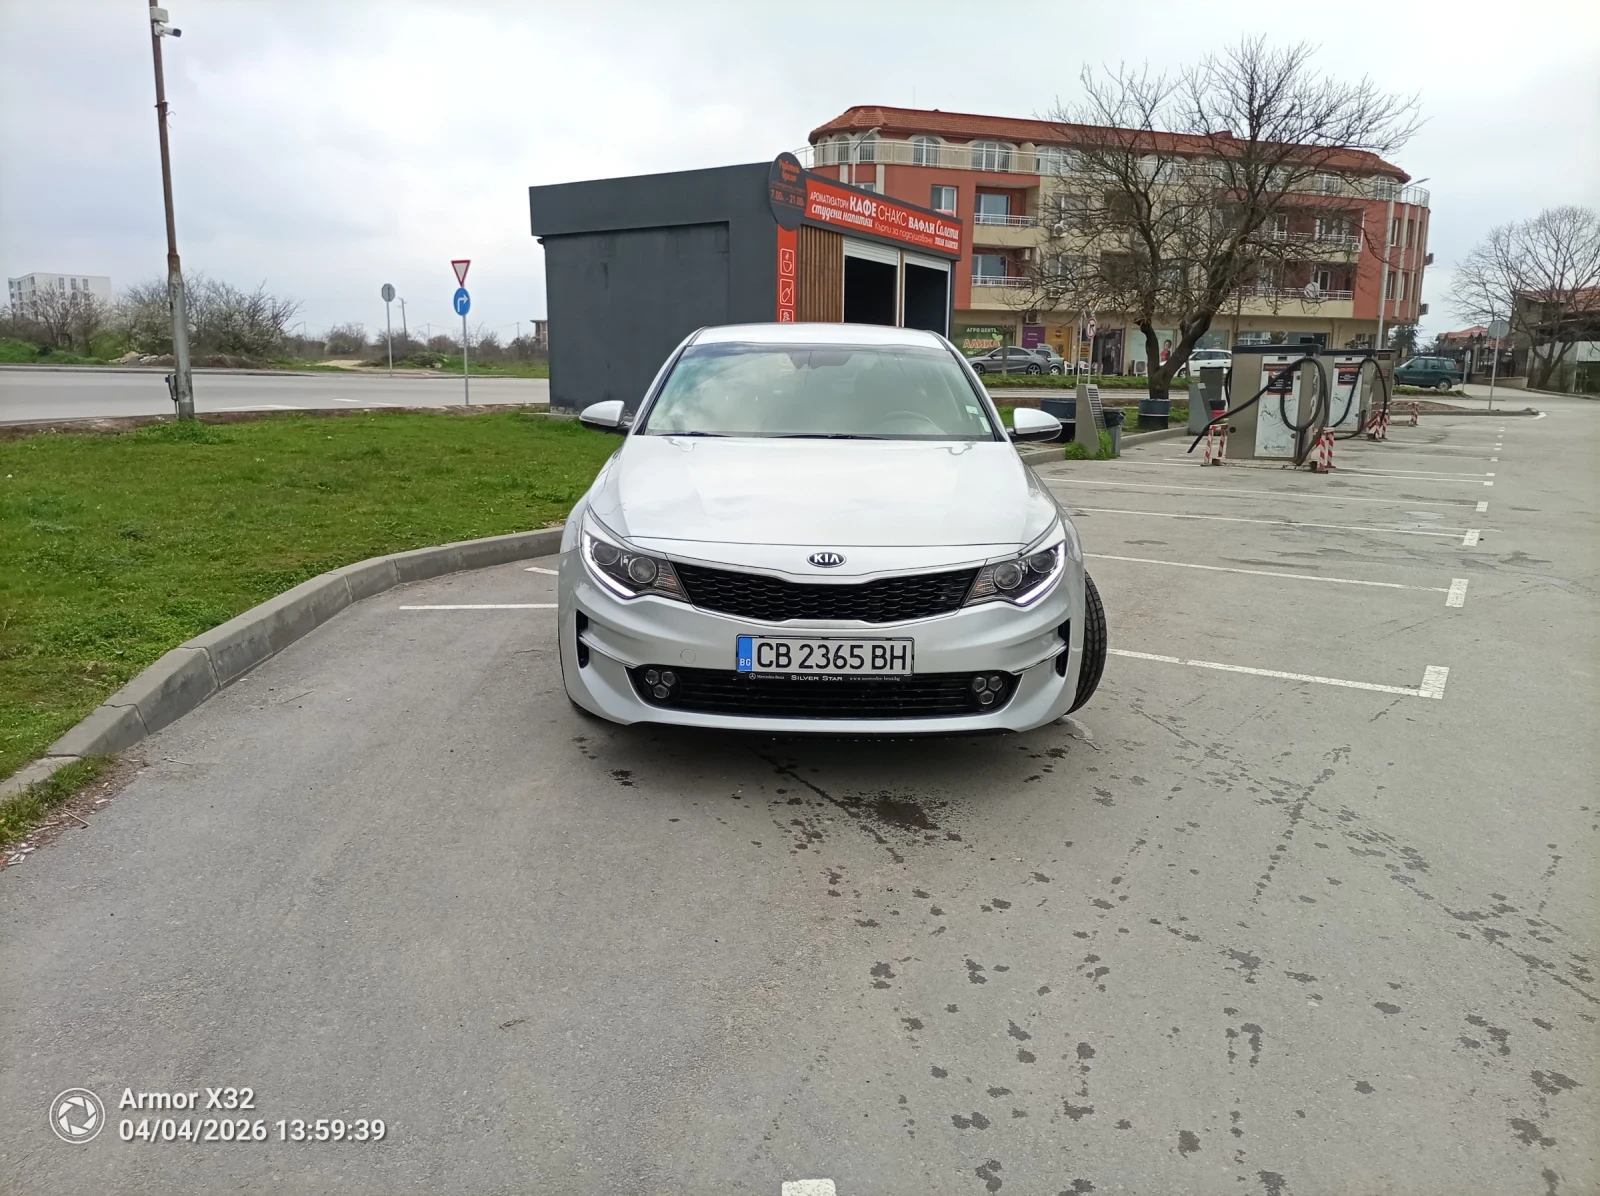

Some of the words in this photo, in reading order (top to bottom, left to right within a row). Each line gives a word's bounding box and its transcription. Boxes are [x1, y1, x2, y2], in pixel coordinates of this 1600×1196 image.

[811, 203, 843, 221] студени
[842, 211, 873, 228] напитки
[849, 195, 877, 217] КАФЕ
[877, 205, 907, 227] СНАКС
[908, 216, 935, 235] ВАФЛИ
[962, 338, 1001, 349] АЛИКА
[814, 553, 840, 563] KIA
[757, 642, 792, 669] CB
[798, 643, 865, 670] 2365
[871, 644, 907, 671] BH
[739, 658, 751, 667] BG
[790, 674, 819, 682] SILVER

☆ ☆ ☆ ☆ ☆ ☆ ☆

## [What needs to be done]
From the first line to the last, set down the records exactly, leaving out images.

## [Your solution]
Some of the words in this photo, in reading order (top to bottom, left to right within a row). Each line gives a word's bounding box and its transcription. Boxes are [x1, y1, x2, y2], in pixel coordinates of this 1600×1196 image.

[811, 203, 843, 221] студени
[842, 211, 873, 228] напитки
[849, 195, 877, 217] КАФЕ
[877, 205, 907, 227] СНАКС
[908, 216, 935, 235] ВАФЛИ
[962, 338, 1001, 349] АЛИКА
[814, 553, 840, 563] KIA
[757, 642, 792, 669] CB
[798, 643, 865, 670] 2365
[871, 644, 907, 671] BH
[739, 658, 751, 667] BG
[790, 674, 819, 682] SILVER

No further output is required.